In Mullaney, the defendant was charged with the murder of Claude Hebert. In a statement given to police, the defendant Wilbur said that his fatal attack on Hebert was the result of a state of frenzy provoked by the victim's homosexual advance. At trial the defendant offered no evidence, but counsel argued that, inter alia, Wilbur's act of homicide was manslaughter and not murder because Wilbur acted in the heat of passion. In light of the applicable state criminal law, Wilbur's jury was instructed that murder and manslaughter were two recognized kinds of felony homicide. Both murder and manslaughter required as elements of proof that the killing be intentional and without justification or excuse. As compared with manslaughter, murder also required proof of "malice aforethought." The jury was instructed, however, that malice aforethought was to be conclusively implied if the prosecutor established the basic elements of felony homicide, i.e., that the killing was intentional and without justification or excuse, unless the defendant proved by a preponderance of the evidence that he acted in the heat of passion on sudden provocation. The court found this placement of the burden of persuasion to be violative of the principles enunciated in the Winship decision. As explained in a later case, Patterson v. New York, supra, 432 U.S. at 215-16, the absence of provocation was identical with "malice aforethought" and was tantamount to an element of the crime of murder. Therefore the state could not place the burden of proof on the defendant as regards that "element."
The court was confronted with a similar situation in its decision in Patterson v. New York, 432 U.S. 197 (1977). In that case the defendant was also charged with murder. Under New York statutory law, the crime of murder involved proof of (1) an intent to cause the death of another, and (2) actual causation of the death.
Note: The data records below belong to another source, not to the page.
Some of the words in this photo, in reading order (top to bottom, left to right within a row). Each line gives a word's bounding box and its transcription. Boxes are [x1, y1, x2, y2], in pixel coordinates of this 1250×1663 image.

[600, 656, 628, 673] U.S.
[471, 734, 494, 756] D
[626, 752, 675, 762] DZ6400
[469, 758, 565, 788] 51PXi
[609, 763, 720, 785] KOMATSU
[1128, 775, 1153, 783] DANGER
Manslaughter was defined under state law as the intentional killing of a person " 'under circumstances which do not constitute murder because [the defendant] acts under the influence of extreme emotional disturbance.' " The jury was instructed that the defendant had the burden of proving by a preponderance of the evidence that he acted under extreme emotional disturbance when he killed his victim. The United States Supreme Court held that the defendant was not denied his due process rights by virtue of having to assume the burden of persuasion as to the element of emotional' disturbance. The court looked to the statutorily defined elements of murder and concluded that the evidence of extreme emotional dis turbance was not an element of the crime. The court wrote:
"This affirmative defense [of extreme emotional disturbance] . . . does not serve to negative any facts of the crime which the State is to prove in order to convict of murder. It constitutes a separate issue on which the defendant is required to carry the burden of persuasion; and unless we are to overturn Leland and Rivera, New York has not violated the Due Process Clause, and Patterson's conviction must be sustained." 432 U.S. at 206-07.
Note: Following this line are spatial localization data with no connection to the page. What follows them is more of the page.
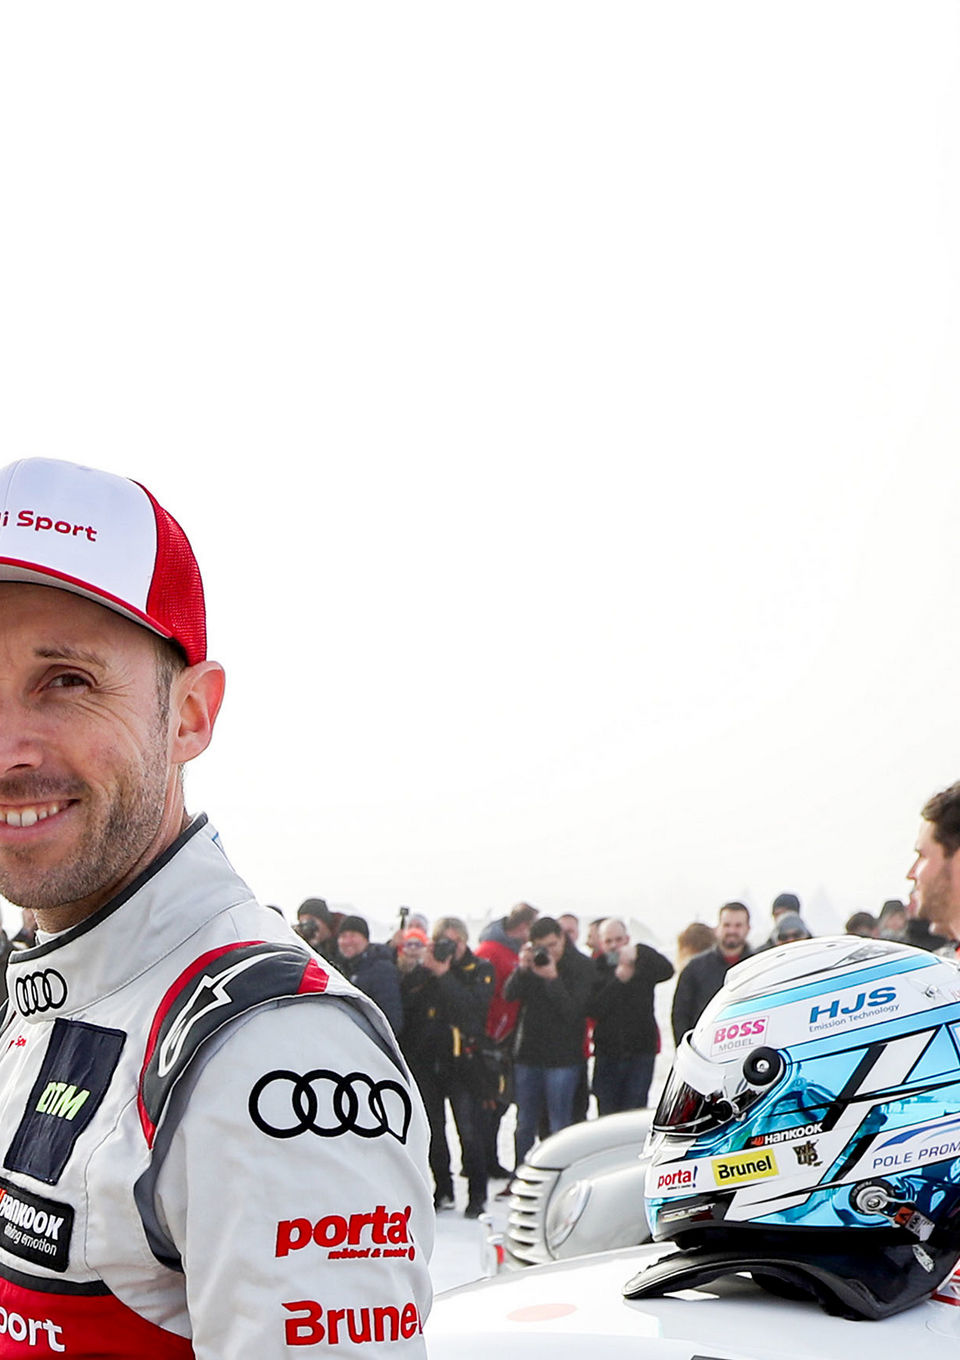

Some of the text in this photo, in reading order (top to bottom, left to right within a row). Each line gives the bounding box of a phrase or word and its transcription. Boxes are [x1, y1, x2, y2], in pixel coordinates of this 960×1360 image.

[16, 510, 98, 542] Sport
[808, 1004, 900, 1033] Emission Technology
[809, 986, 897, 1024] HJS
[713, 1018, 766, 1045] BOSS
[35, 1080, 90, 1121] DTM
[717, 1156, 772, 1179] Brunel
[872, 1152, 913, 1169] POLE
[657, 1165, 698, 1189] porta!
[21, 1233, 58, 1257] emotion
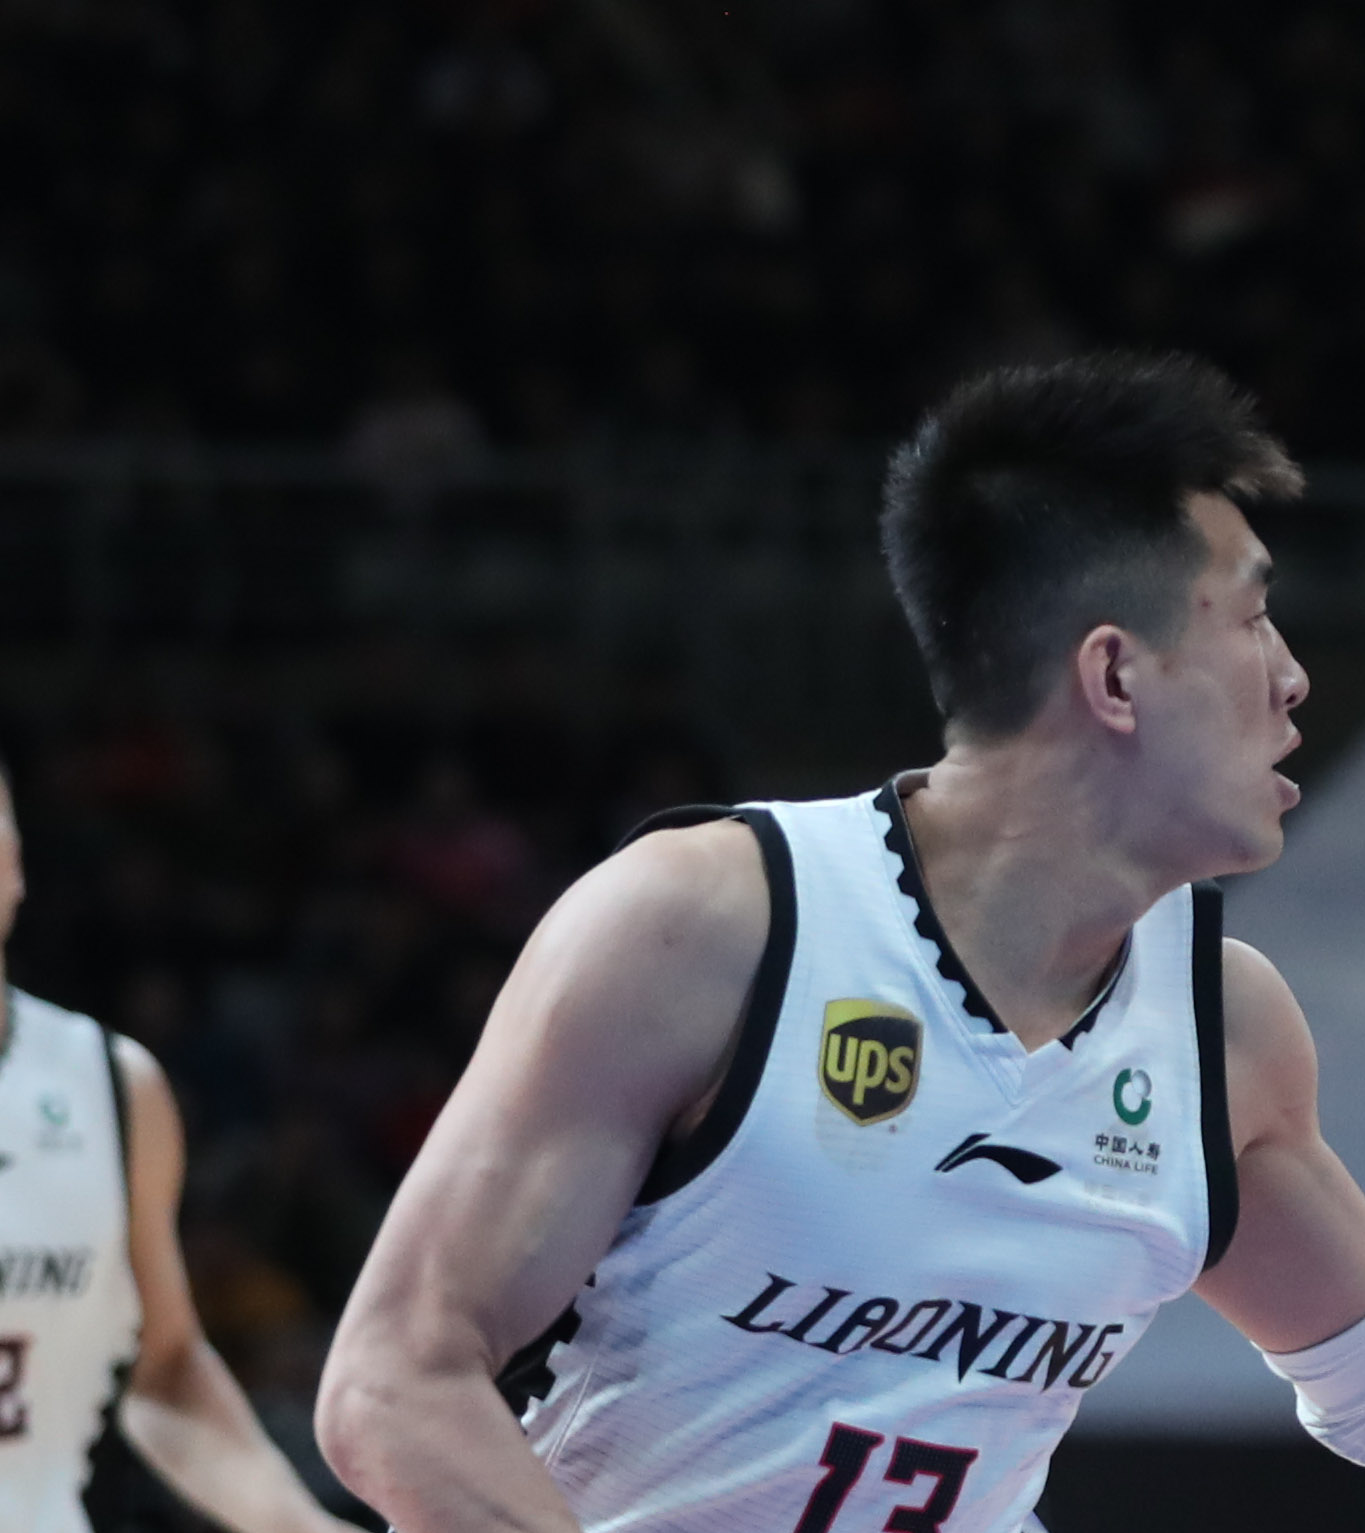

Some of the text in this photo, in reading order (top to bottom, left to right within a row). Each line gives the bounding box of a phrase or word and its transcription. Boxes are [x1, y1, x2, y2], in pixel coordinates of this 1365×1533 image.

[826, 1033, 914, 1106] ups
[1094, 1133, 1160, 1161] 中国人寿
[1094, 1154, 1158, 1175] CHINA LIFE
[720, 1272, 1124, 1393] LIAONING
After the Patterson decision, a state may place a burden of proof on a defendant with respect to a question of fact provided that this affirmative defense "does not serve to negative any facts of the crime which the State is to prove in order to convict. . . ." Id. In the context of this case the question is whether the issue of intoxication is an affirmative defense or whether it is an attack on an element of the crime of murder. If it is the latter, then the state bears the burden of proving this element beyond a reasonable doubt.
Sec. 939.42(2), Stats., provides that an intoxicated condition is a defense if such a condition "[n]egatives the existence of a state of mind essential to the crime." The "intent to kill" is an element of the crime of first-degree murder. When the defendant introduces evidence to demonstrate that, because of his intoxicated state, he did not intend to kill his victim, the accused seeks to negate a fact which the state must prove in order to convict the defendant of murder. This is the type of negative de fense which was contemplated by the decisions in Mullaney and Patterson. When such a defense is asserted, the burden of persuasion cannot be placed upon the defendant without violating his right to due process of law.
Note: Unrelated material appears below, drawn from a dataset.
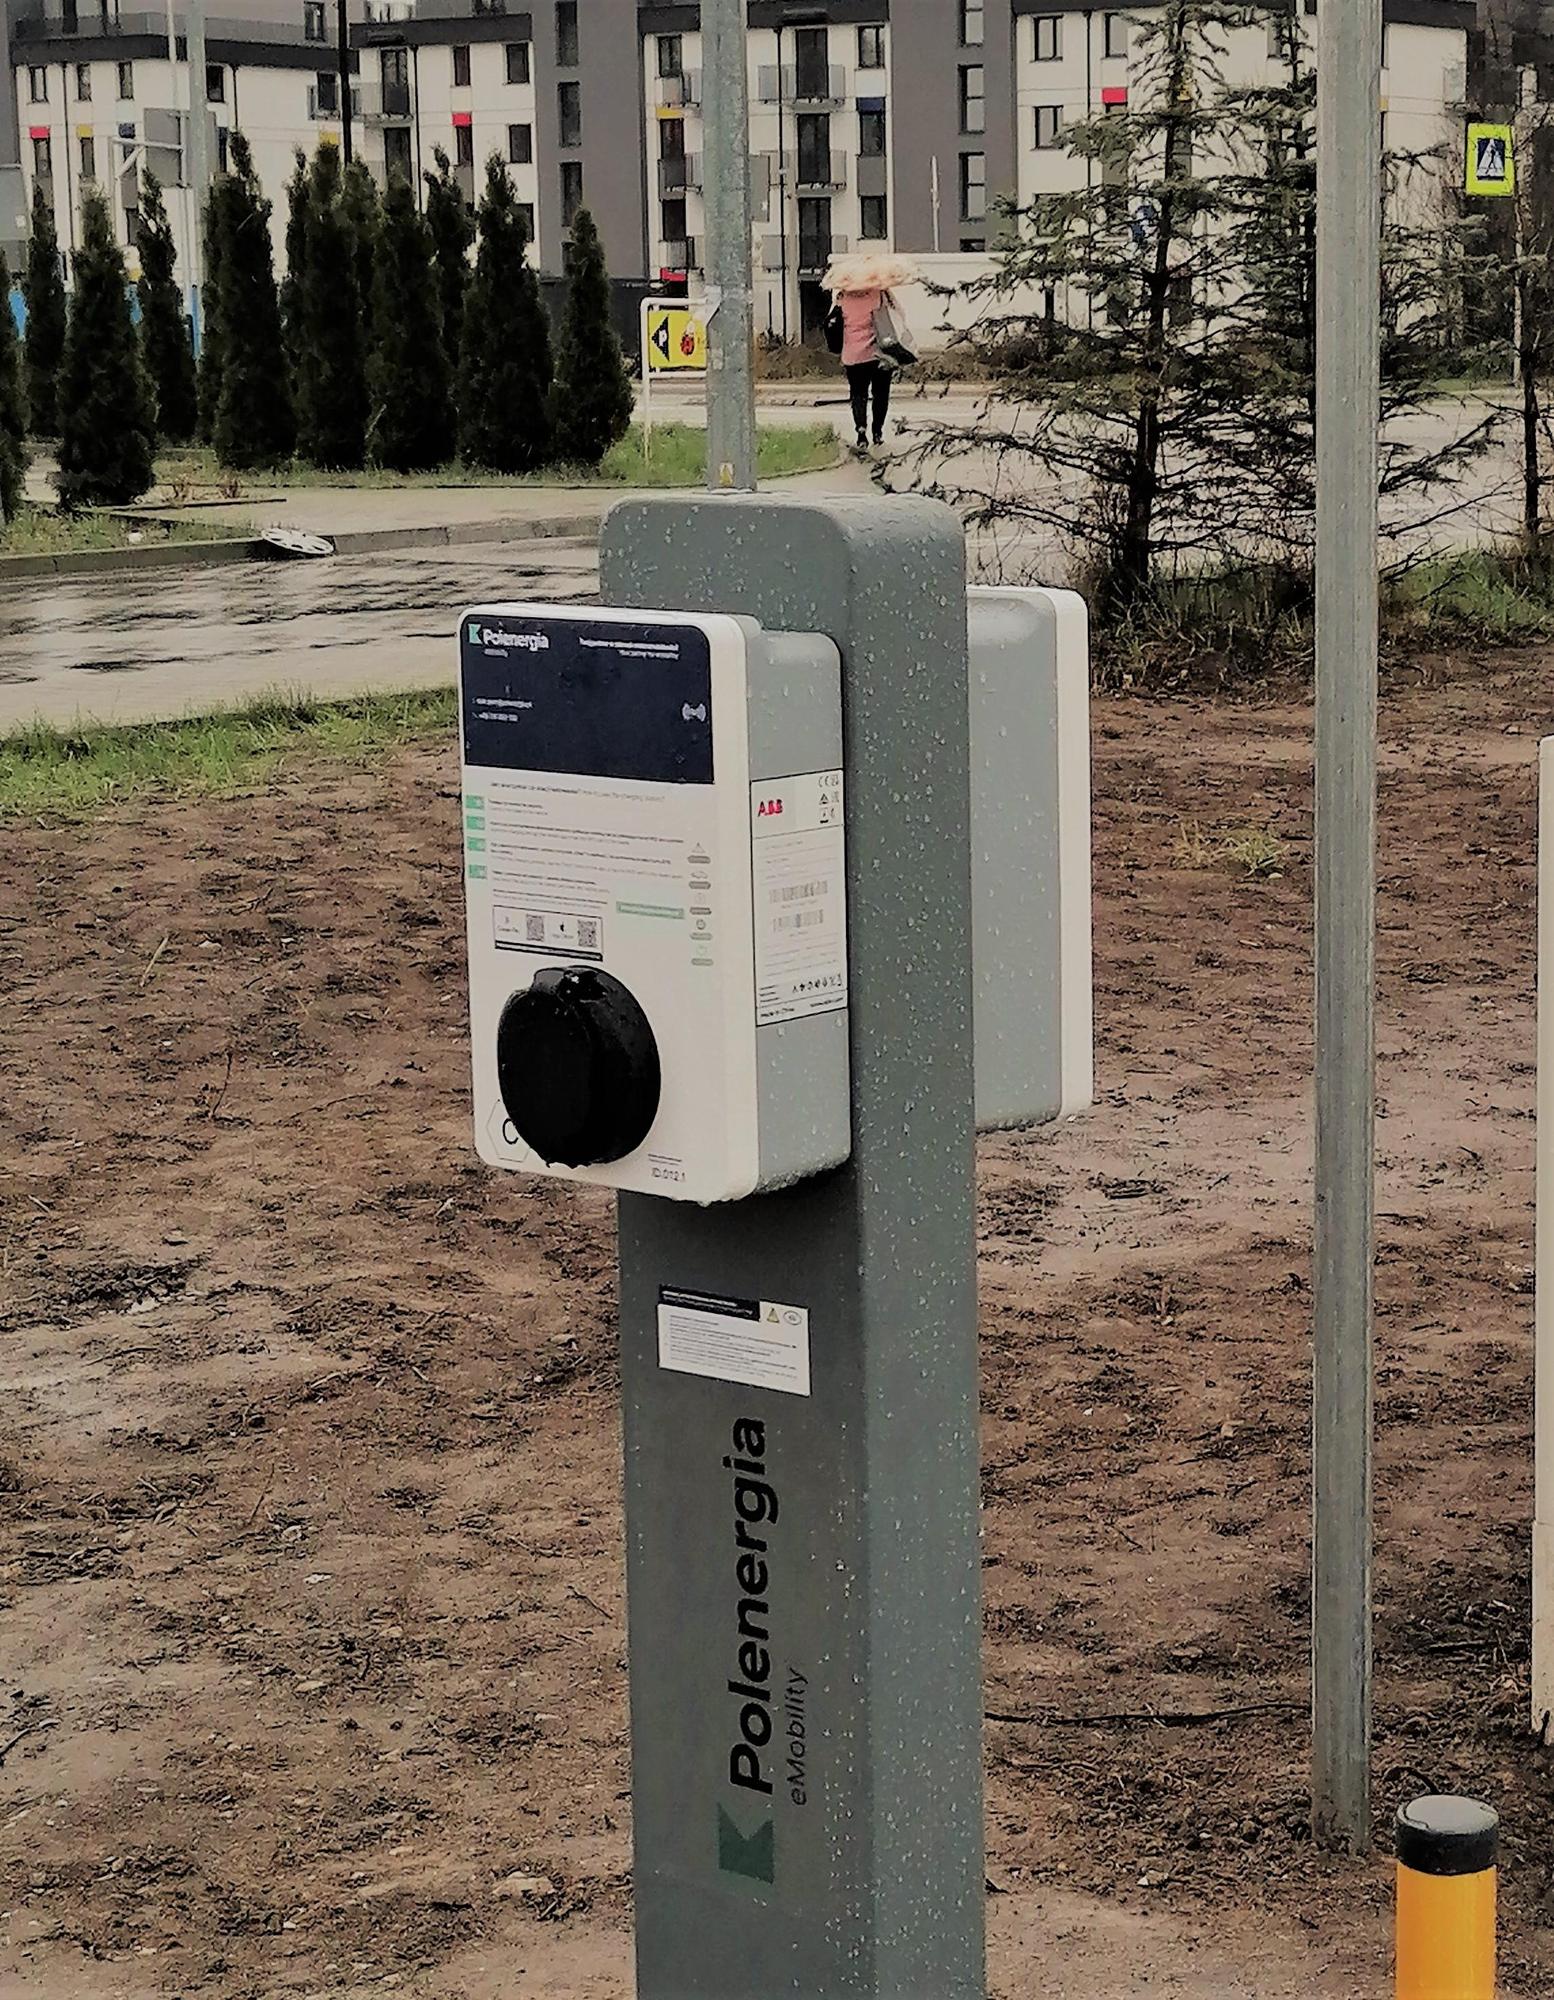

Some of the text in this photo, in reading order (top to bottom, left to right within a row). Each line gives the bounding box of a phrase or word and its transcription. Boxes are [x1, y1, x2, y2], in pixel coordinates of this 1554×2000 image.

Although the accused may not be required to assume a burden of persuasion relative to his "defense" of intoxication, this is not to say that in every case the state must prove the absence of intoxication beyond a reasonable doubt. The principles of due process are not violated if a burden of production — as opposed to a burden of persuasion — is placed upon the accused to come forward with "some" evidence in rebuttal of the state's case. See Muller v. State, supra, 94 Wis.2d at 476-77. See also Mullaney v. Wilbur, supra, 421 U.S. at 701, n. 28. In order to place intoxication in issue in a given case, it will be necessary for the defendant to come forward with some evidence of his impaired condition. This evidence must be more than a mere statement that the defendant was intoxicated. The evidence must be credible and sufficient to warrant the jury's consideration of the issue as to whether the defendant was intoxicated to the extent it materially affected his or her ability to form the requisite intent. The test which the trial court must apply is whether, construing all the evidence produced most favorably to the defendant, a reasonable juror could conclude that the defendant's state of intoxication — in the words of the statute — "negative [d] the existence of a state of mind essential to the crime." Upon the production of such evidence the burden will be upon the state to prove beyond a reasonable doubt that the defendant's consumption of alcohol or drugs did not negate the existence of a state of mind necessary to fix criminal liability. In his discretion, the prosecutor may elect to provide additional evidence in rebuttal of the defense or the prosecutor may choose to stand on the basis of the proof he submitted in the case-in-chief.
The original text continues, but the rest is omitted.